# Aim of the exercise
Set the following entries down again exactly, line by line.

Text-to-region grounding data
******************************

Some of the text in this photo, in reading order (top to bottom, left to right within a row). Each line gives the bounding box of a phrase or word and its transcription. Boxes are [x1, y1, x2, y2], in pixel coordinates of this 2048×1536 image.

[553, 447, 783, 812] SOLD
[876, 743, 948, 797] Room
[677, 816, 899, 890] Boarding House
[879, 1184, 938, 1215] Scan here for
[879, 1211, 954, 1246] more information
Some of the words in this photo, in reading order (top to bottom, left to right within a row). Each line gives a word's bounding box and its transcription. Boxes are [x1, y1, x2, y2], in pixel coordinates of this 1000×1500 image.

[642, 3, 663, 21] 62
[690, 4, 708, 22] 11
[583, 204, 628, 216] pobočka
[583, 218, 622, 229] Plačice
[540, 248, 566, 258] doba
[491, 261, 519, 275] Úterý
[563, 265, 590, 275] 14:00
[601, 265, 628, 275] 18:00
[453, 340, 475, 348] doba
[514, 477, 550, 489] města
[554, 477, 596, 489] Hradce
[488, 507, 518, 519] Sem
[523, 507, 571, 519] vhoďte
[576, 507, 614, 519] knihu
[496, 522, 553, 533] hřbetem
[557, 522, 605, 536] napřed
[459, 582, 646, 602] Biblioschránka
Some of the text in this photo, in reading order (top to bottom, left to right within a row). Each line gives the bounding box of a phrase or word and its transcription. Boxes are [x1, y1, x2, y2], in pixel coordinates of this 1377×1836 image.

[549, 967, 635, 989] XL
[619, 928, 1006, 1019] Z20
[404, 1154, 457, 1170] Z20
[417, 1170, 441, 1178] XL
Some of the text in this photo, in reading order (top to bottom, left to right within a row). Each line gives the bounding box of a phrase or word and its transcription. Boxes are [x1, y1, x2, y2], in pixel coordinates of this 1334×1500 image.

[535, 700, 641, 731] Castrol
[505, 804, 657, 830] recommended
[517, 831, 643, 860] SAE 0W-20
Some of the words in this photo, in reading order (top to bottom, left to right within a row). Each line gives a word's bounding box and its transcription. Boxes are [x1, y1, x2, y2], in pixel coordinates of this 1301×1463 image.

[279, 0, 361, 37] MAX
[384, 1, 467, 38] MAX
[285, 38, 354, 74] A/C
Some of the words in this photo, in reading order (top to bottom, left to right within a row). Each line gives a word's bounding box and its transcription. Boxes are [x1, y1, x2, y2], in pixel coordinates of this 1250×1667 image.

******************************

# Answer section
Some of the text in this photo, in reading order (top to bottom, left to right within a row). Each line gives the bounding box of a phrase or word and its transcription. Boxes are [x1, y1, x2, y2], in pixel coordinates of this 2048×1536 image.

[553, 447, 783, 812] SOLD
[876, 743, 948, 797] Room
[677, 816, 899, 890] Boarding House
[879, 1184, 938, 1215] Scan here for
[879, 1211, 954, 1246] more information
Some of the words in this photo, in reading order (top to bottom, left to right within a row). Each line gives a word's bounding box and its transcription. Boxes are [x1, y1, x2, y2], in pixel coordinates of this 1000×1500 image.

[642, 3, 663, 21] 62
[690, 4, 708, 22] 11
[583, 204, 628, 216] pobočka
[583, 218, 622, 229] Plačice
[540, 248, 566, 258] doba
[491, 261, 519, 275] Úterý
[563, 265, 590, 275] 14:00
[601, 265, 628, 275] 18:00
[453, 340, 475, 348] doba
[514, 477, 550, 489] města
[554, 477, 596, 489] Hradce
[488, 507, 518, 519] Sem
[523, 507, 571, 519] vhoďte
[576, 507, 614, 519] knihu
[496, 522, 553, 533] hřbetem
[557, 522, 605, 536] napřed
[459, 582, 646, 602] Biblioschránka
Some of the text in this photo, in reading order (top to bottom, left to right within a row). Each line gives the bounding box of a phrase or word and its transcription. Boxes are [x1, y1, x2, y2], in pixel coordinates of this 1377×1836 image.

[549, 967, 635, 989] XL
[619, 928, 1006, 1019] Z20
[404, 1154, 457, 1170] Z20
[417, 1170, 441, 1178] XL
Some of the text in this photo, in reading order (top to bottom, left to right within a row). Each line gives the bounding box of a phrase or word and its transcription. Boxes are [x1, y1, x2, y2], in pixel coordinates of this 1334×1500 image.

[535, 700, 641, 731] Castrol
[505, 804, 657, 830] recommended
[517, 831, 643, 860] SAE 0W-20
Some of the words in this photo, in reading order (top to bottom, left to right within a row). Each line gives a word's bounding box and its transcription. Boxes are [x1, y1, x2, y2], in pixel coordinates of this 1301×1463 image.

[279, 0, 361, 37] MAX
[384, 1, 467, 38] MAX
[285, 38, 354, 74] A/C
Some of the words in this photo, in reading order (top to bottom, left to right within a row). Each line gives a word's bounding box and its transcription. Boxes are [x1, y1, x2, y2], in pixel coordinates of this 1250×1667 image.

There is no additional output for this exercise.